When you’re the one putting people on those big, yellow buses, however, there is an added dimension to those September feelings — exhaustion. No doubt, parents also relish the fresh start of the new school year. Parents also feel enthusiastic about the promise a brand new year holds. When offered a clean slate each September, parents also set intentions and resolutions for themselves as individuals and as parents. But, for parents, all of this promise and excitement is tempered with a shocking dose of exhaustion.
Shifting gears from summer vacation to the school year is akin to being shot out of a cannon. Quiet evening walks to get ice cream are replaced with endless Back to School Nights, parent meetings and homework supervision. A tank of gas that lasted two or three weeks in the summer is now barely lasting one week as a result of afternoons spent endlessly circling town picking up and dropping off kids. Calendar pages are once again more ink than empty, white space. The pile-up on my “To Do” list looks a lot like Mt. Everest.
Annually, I struggle valiantly to prevent the mountainous demands of mid-September from overwhelming me. This year is no different. Or it wasn’t — until I had a yoga-induced epiphany.
As I unrolled my mat that September day, I thought, “I really don’t have time to get through the whole series.” As I stood there taking some opening breaths, I tried to let that thought drift away. It turns out that the emotions around it (stress, panic, general busy-ness) were a little sticky, so the thought kept ricocheting back to me. As I started to move, I decided that each time I thought, “I don’t have time,” I’d replace that thought with “I do have time for five breaths in this asana.”
By the time I got to the seated postures — about 45 minutes into my practice, I was beginning to feel less and less squeezed for time. By the time I arrived in savasana at the end of my practice, I felt decidedly less panicked. In fact, I didn’t have to work at all to stay put in my rest. I laid there on my mat until I felt ready to roll over and sit up. It’s worth pointing out (again) that it took almost 45 minutes for me to begin to free myself of the pressured feelings with which I arrived on my mat. It’s also worth mentioning that I never decided to do the whole series. I just kept repeating to myself, “I do have time for five breaths here.”
What I did on my mat was break the mountain of my practice into manageable rocks. Then I took my time focusing on each rock, one at a time. And it worked. Actually, it worked marvelously. So I decided to break my off-my-mat mountain into manageable rocks as well. Instead of looking at the day ahead as a whole (a great way to induce hyperventilation – the opposite of the soothing breaths I take on my mat), I decided to consider one item at a time. While I do that one thing, whether it’s a trip to Staples, a soccer drop-off, or writing this essay, I focus on that one thing. If I start to panic, I say to myself (sometimes out loud), “I do have time for this one thing right now.”
I’m only a week into this practice, but it hasn’t yet made rubble of my responsibilities. In fact, it seems to be working.
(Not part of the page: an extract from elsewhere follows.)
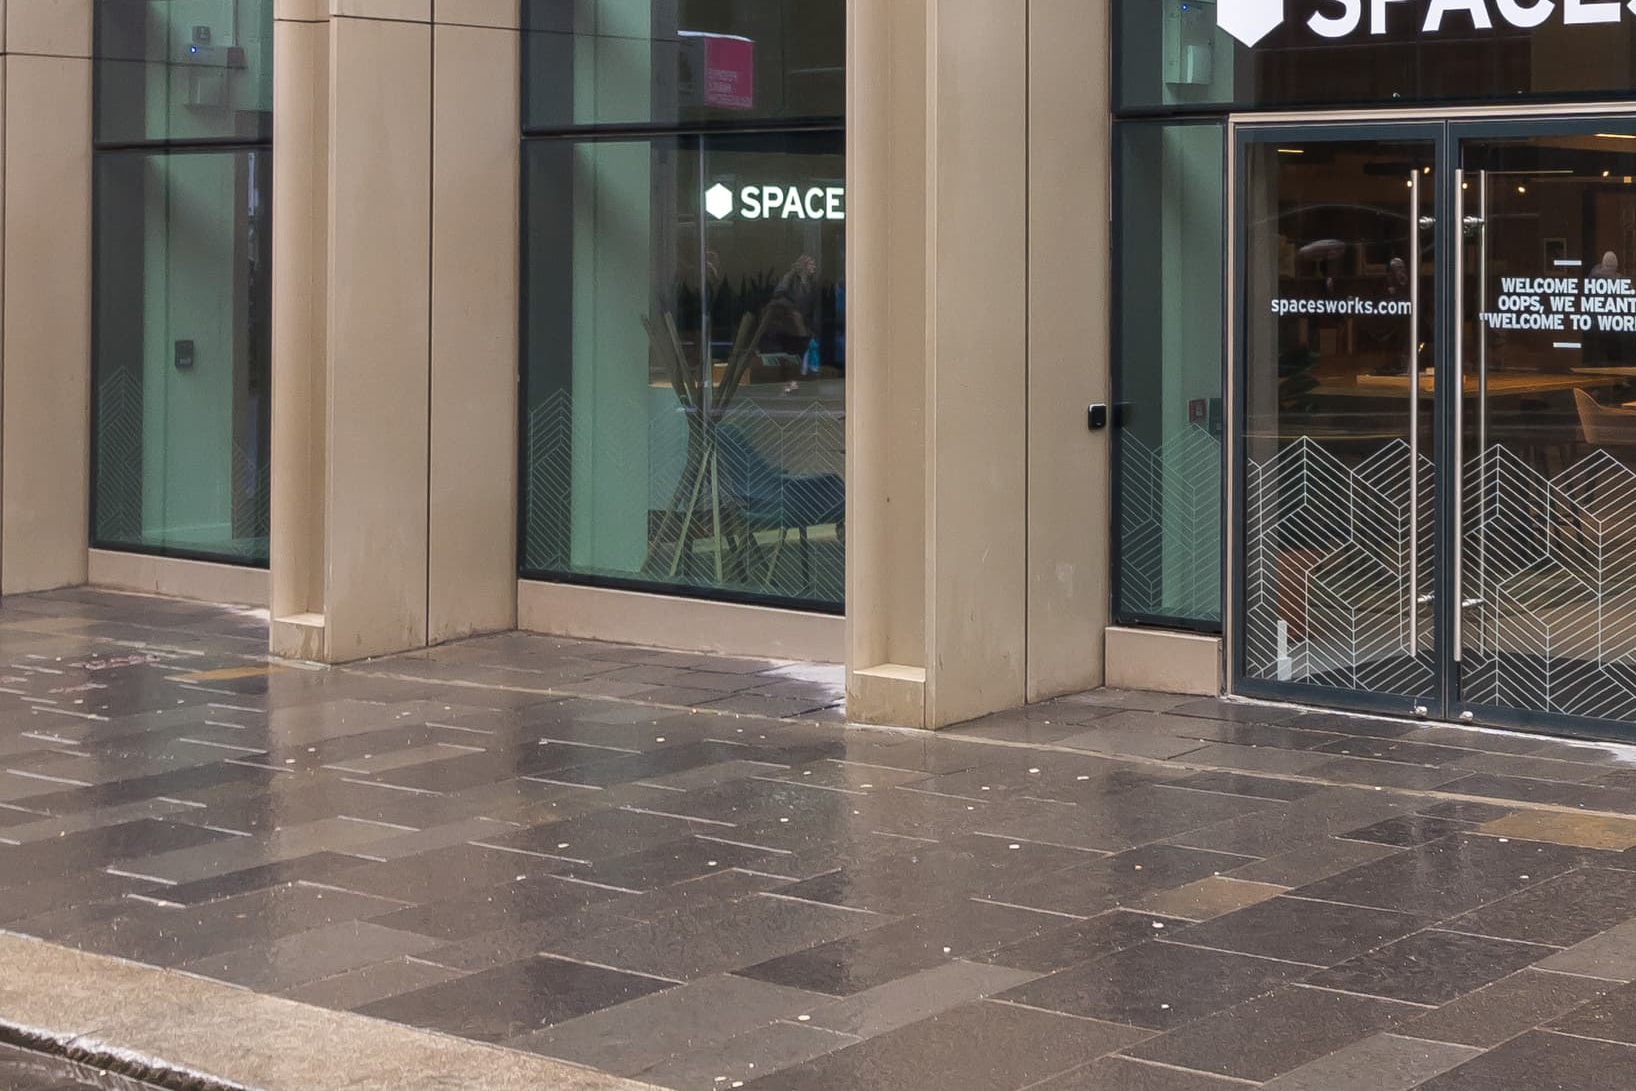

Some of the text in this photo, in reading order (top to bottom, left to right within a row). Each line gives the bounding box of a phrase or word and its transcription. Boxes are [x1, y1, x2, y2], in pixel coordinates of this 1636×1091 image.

Deliberately not looking at my list as a whole is helping me to avoid some of the stress and overwhelmed feelings that I typically experience this time of year. Taking things one thing at a time is allowing me to settle into each activity – whether it’s a 10 minute carpooling run or an hour working on math with my daughter. Best yet? This more focused, methodical mindset is allowing me to get the same amount done each day as I was when racing around in a tizzy.